Trudeau was gone, but unlike so many pensioned-off politicos, he was not one to fade away gently. He never lost his ability to influence the country. In 1987, he came out of the shadows
to campaign against Mulroney's Meech Lake constitutional deal and was instrumental in turning the country against it. Around the time he made a brilliant anti-Meech speech to a special House and Senate Committee, I met him at a gathering of the canoe group and told him I thought he was mistaken. I believed Meech might head off an inevitable and painful confrontation with Quebec. He shot me a hard look and got a laugh from the others by announcing that his friend Oliver was in need of remedial reading on constitutional issues. I'd hoped Meech and new leadership might bring closure to those endlessly perplexing issues.

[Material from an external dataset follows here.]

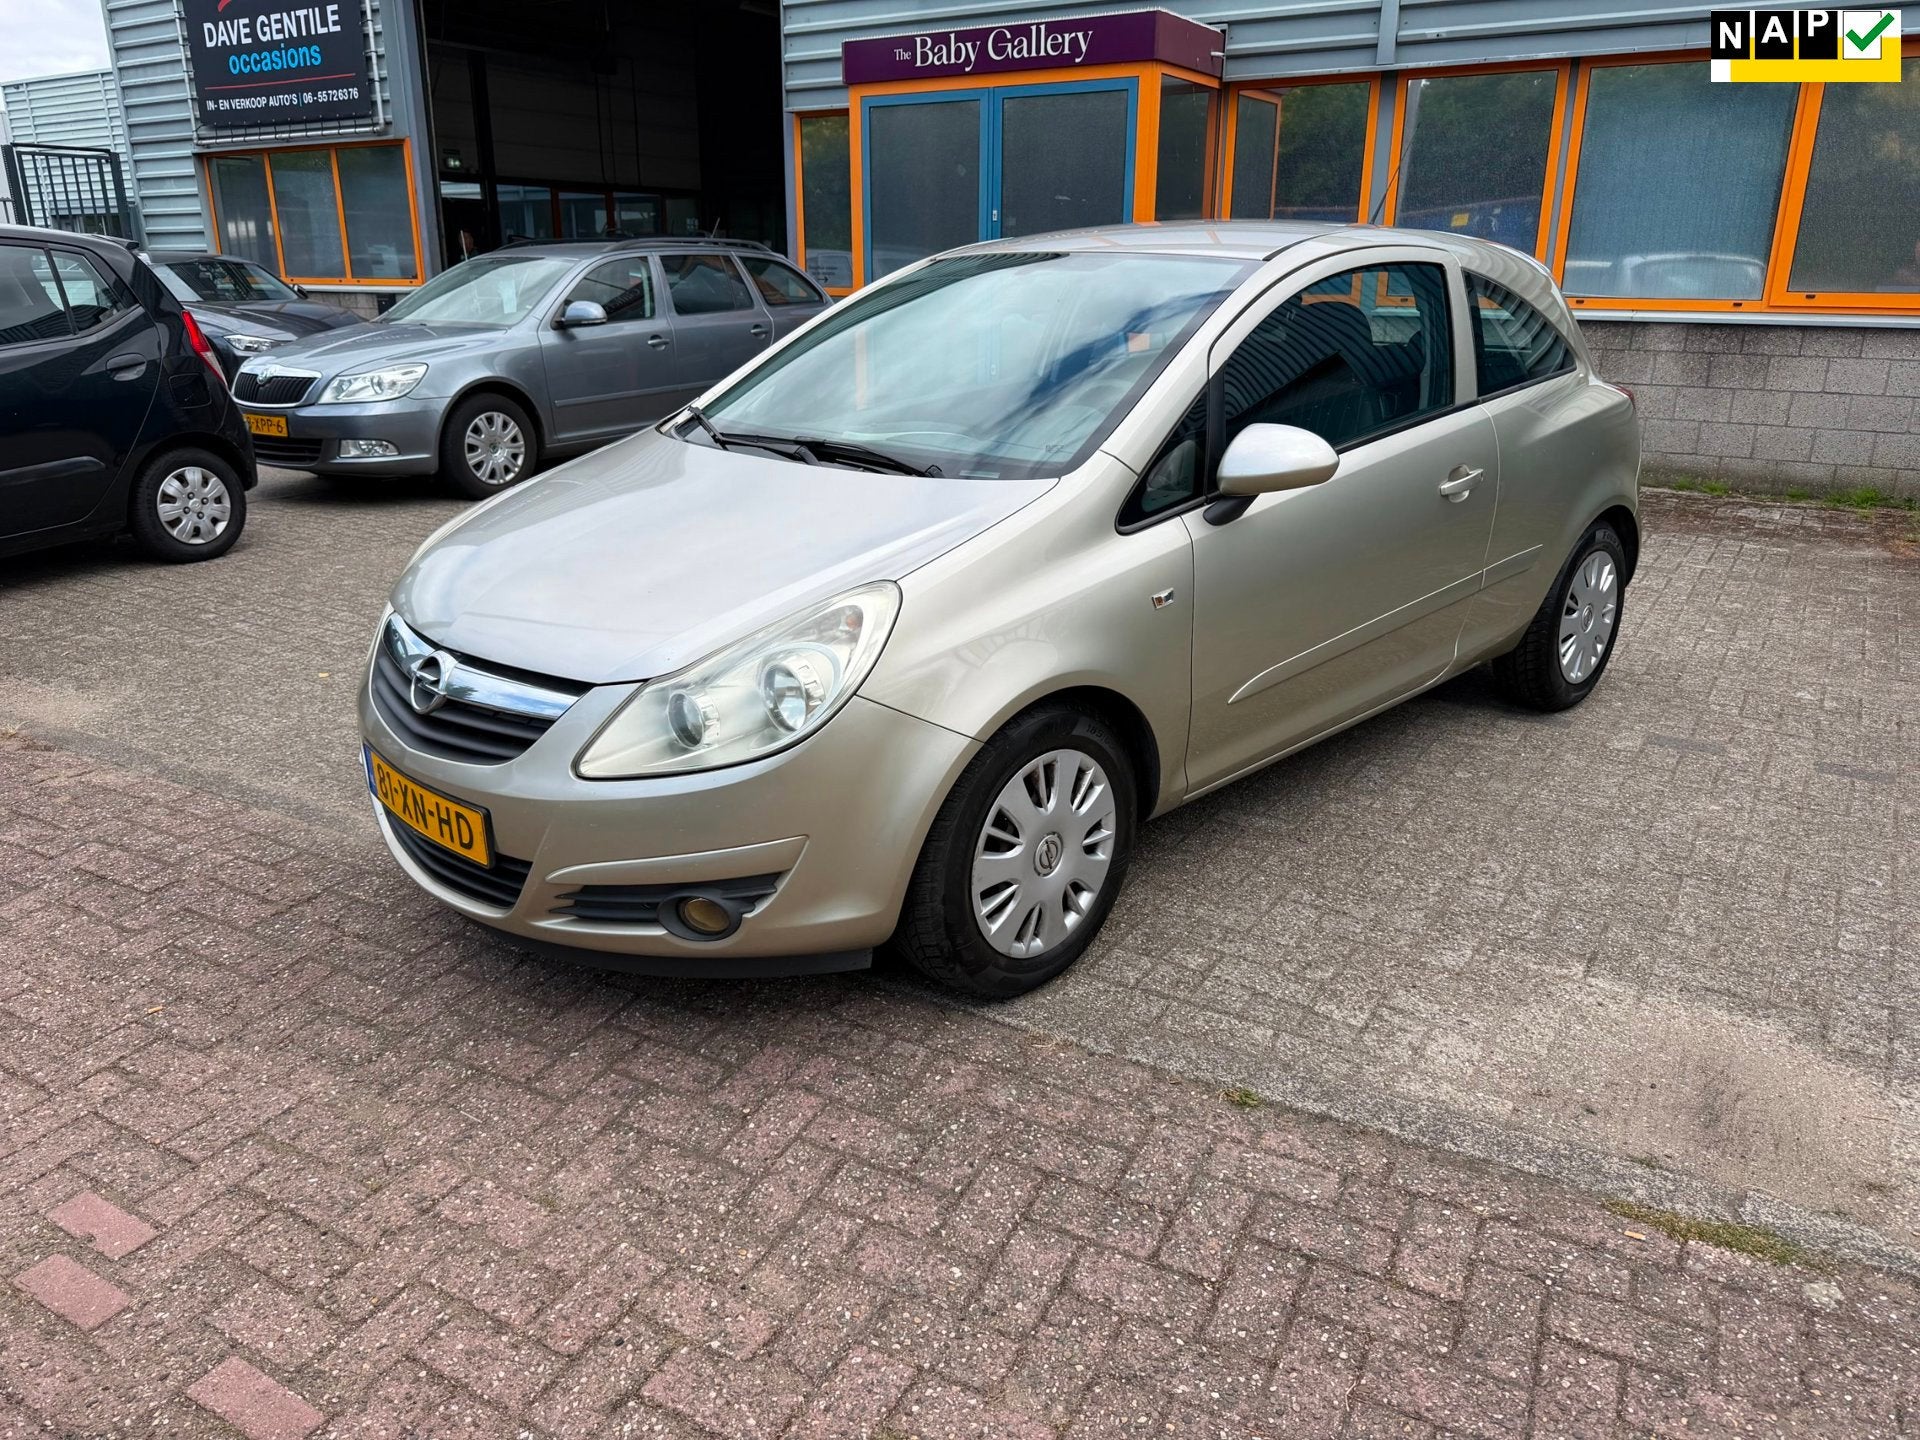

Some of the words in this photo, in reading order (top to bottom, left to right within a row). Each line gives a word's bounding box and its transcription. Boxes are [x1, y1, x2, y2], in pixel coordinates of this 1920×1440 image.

Years of covering American politics and the Reagan administration, its good and bad features, had taken the edge off my youthful convictions about progressive politics, and although I was no late-blooming Republican, I was intrigued to see how far to the right Mulroney might try to shift my own country. But I was content to follow it from afar, even when Don Cameron asked me to replace Pamela Wallin as chief of the Ottawa bureau in 1988. She was returning to Toronto as a national correspondent and occasional news anchor.

As happens to all Canadian reporters who live and work there, Washington had expanded my horizons. The thought of returning to the often-suffocating nitpicking of Parliament Hill did not inspire me, but Cameron dispatched Tim Kotcheff, my canoe partner (as Don well knew) and his senior news executive, to deliver an ultimatum. Business was business, after all, and the message was come home or ship out. Tim and I talked during a long and well-fortified dinner in Georgetown until he committed to a generous financial offer, putting it in writing on a paper napkin. When I received my first paycheque, the
figure did not jibe with my fuzzy memory of the amount specified, and either I had misplaced the paper napkin or Tim had carefully retrieved it. The matter remains unresolved to this day.